When I looked at TopHap last fall, I saw enormous potential in the browser app, which powerfully illustrates the deep data that really powers the real estate industry.
Recently, I managed to get a look at a new version of this powerful software, set to go live next week, and what I saw is impressive.
Proximity to schools and a nice park nearby are merely surface-level data points — the easiest-to-understand value indicators. But houses get more expensive when construction restrictions, such slope lot, earthquake zones, and other environmental concerns enter the picture.
Then in a more exploratory soft beta, the company has taken months to build out a much more market-ready interface. What I saw was a very sharp tool for techy property data geeks who help developers, investors and buyers who like to dig into the meta-market.
Now, TopHap is one of the most compelling, everyday business-decision tools I’ve seen this year.
The property search experience is far superior than Zillow, realtor.com and Homesnap.
It can help agents and brokerages market by tracking where values are heading, buyers know how to offer to put themselves in the best competitive position, and sellers understand pricing.
With a virtually unmatched interface that colorfully processes critical comparative market analysis (CMA) information into visible, actionable insights, the only thing holding this software back right now from its inevitable acquisition is that it’s currently only available in California.
Active, sold and pending listings can be searched and compared with intricate, multilayer charts, perfect for listing presentations and buyer consultations. This is found in the new infinitely customizable CMA+ module.
New to the app is a prominent control panel that provides access to a rich suite of data filters, which splashes results across a graduated heat map.
The software can make users smarter about how land use, government policies, geographic boundaries, municipal infrastructure, airports, bodies of water, fault lines and traffic counts weave an intricate web of data points to support why houses, strip malls and office buildings are built where they’re built. It’s not random, and neither are home values.
TopHap breaks it all down according to: value, property, region, hazards, market, investment, community and school.
Each category has a lengthy list of searchable data points, ranging from appreciation trends (value) to seasonal population (community) to temperature averages (region). There’s nothing you can’t learn from it, including a region’s N2O (nitrous oxide) index and volume of particulate matter.
You can filter according to common MLS-type data, such as homes with garages and pools and bathroom counts. But where’s the fun in that?
The TopHap team was able to use its road and aviation noise filter to demonstrate value trends according to proximity to the San Francisco airport. Yes, noise issues are a known concern, but now you can show a buyer what it’s like on specific streets. And that’s what TopHap is all about: deep, beyond-hyperlocal real estate data.
The new version has a new left-hand navigation menu offering quick access to listings, map search, insights and the property comparison features.

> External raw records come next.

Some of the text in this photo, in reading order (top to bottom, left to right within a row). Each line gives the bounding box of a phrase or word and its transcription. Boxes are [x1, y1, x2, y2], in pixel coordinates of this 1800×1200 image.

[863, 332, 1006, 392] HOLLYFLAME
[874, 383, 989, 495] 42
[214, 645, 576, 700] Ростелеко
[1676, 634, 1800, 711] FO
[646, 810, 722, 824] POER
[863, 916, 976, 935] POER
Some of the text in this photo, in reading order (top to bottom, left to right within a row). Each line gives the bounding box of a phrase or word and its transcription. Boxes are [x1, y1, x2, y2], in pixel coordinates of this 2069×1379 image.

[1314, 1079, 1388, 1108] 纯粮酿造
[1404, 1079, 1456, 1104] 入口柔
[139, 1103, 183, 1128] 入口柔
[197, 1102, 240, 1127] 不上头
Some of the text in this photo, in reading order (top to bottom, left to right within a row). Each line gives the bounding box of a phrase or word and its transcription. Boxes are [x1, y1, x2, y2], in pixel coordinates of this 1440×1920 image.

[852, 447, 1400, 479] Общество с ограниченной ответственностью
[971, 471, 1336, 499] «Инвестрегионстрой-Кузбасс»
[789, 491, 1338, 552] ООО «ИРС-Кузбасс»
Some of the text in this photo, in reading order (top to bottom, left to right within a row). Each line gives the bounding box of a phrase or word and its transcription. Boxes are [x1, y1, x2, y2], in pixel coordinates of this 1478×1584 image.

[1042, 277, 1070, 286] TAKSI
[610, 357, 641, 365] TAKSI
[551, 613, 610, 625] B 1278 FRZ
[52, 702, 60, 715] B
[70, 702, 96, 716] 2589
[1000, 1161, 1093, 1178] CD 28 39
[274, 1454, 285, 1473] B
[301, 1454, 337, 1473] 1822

The property search experience is far superior than Zillow, realtor.com and Homesnap. It cleanly overlays property details such as agent and brokerage, price per square foot, days on market, and even the number permits the property has been associated with since construction, indicating right away to shoppers that it might have undergone a number of renovations or repairs.
I can’t attest to how quickly TopHap can propagate its model on a national level, but we should all hope it will be quickly.
You can also scroll pictures within the image box, which isn’t unique to TopHap, but proof it knows what web users prefer.
In regard to its ability to accurately offer property valuations, TopHap claims its AVM has 2.5 percent margin of error. In a search of my market, I found that number to be a bit off. However, I also live in an area where solds take years to make it into public databases.
Additionally, TopHap smartly includes a 1-5 “confidence” scale on its valuations, a way to openly admit, “Hey, this one is likely not on target.”
If Zestimates have taught us anything though, it’s that value is in the underlying data and the agent’s ability to interpret it.
The confidence meter is included in each property detail page, whether on or off the market, in addition to TopHap’s other charts, data points, and dynamic bar graphs for comparing the subject home to nearby properties.
I can’t attest to how quickly TopHap can propagate its model on a national level, but we should all hope it will be quickly. For now, California agents should consider registering.
There’s little doubt TopHap will find its way on to the partner lists of multiple listing services and other industry marketplaces.